(Beginning of DATA FOR PROCESSING)
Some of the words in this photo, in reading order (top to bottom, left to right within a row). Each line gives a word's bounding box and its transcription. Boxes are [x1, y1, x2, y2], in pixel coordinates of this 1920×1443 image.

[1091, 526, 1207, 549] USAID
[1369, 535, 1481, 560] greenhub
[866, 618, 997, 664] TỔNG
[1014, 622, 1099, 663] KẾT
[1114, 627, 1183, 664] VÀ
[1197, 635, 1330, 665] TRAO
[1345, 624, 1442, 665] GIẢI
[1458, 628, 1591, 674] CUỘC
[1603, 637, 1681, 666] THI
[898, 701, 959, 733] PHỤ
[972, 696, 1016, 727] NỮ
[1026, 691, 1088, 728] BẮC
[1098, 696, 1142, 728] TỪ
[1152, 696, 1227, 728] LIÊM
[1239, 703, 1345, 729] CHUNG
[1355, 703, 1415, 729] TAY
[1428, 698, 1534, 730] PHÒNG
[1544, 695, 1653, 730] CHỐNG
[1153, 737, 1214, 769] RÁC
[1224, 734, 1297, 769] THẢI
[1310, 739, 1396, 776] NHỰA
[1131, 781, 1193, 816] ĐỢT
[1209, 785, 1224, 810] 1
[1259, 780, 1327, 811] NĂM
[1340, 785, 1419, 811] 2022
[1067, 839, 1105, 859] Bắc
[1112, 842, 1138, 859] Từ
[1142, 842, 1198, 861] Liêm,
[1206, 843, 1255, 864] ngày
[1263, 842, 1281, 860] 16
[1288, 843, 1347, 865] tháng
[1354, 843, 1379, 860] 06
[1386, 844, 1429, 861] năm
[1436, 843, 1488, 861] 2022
(End of DATA FOR PROCESSING)
• ACTIVITY:
Repeat each entry exactly.

• SOLUTION FOR THIS EXERCISE:
Some of the words in this photo, in reading order (top to bottom, left to right within a row). Each line gives a word's bounding box and its transcription. Boxes are [x1, y1, x2, y2], in pixel coordinates of this 1920×1443 image.

[1091, 526, 1207, 549] USAID
[1369, 535, 1481, 560] greenhub
[866, 618, 997, 664] TỔNG
[1014, 622, 1099, 663] KẾT
[1114, 627, 1183, 664] VÀ
[1197, 635, 1330, 665] TRAO
[1345, 624, 1442, 665] GIẢI
[1458, 628, 1591, 674] CUỘC
[1603, 637, 1681, 666] THI
[898, 701, 959, 733] PHỤ
[972, 696, 1016, 727] NỮ
[1026, 691, 1088, 728] BẮC
[1098, 696, 1142, 728] TỪ
[1152, 696, 1227, 728] LIÊM
[1239, 703, 1345, 729] CHUNG
[1355, 703, 1415, 729] TAY
[1428, 698, 1534, 730] PHÒNG
[1544, 695, 1653, 730] CHỐNG
[1153, 737, 1214, 769] RÁC
[1224, 734, 1297, 769] THẢI
[1310, 739, 1396, 776] NHỰA
[1131, 781, 1193, 816] ĐỢT
[1209, 785, 1224, 810] 1
[1259, 780, 1327, 811] NĂM
[1340, 785, 1419, 811] 2022
[1067, 839, 1105, 859] Bắc
[1112, 842, 1138, 859] Từ
[1142, 842, 1198, 861] Liêm,
[1206, 843, 1255, 864] ngày
[1263, 842, 1281, 860] 16
[1288, 843, 1347, 865] tháng
[1354, 843, 1379, 860] 06
[1386, 844, 1429, 861] năm
[1436, 843, 1488, 861] 2022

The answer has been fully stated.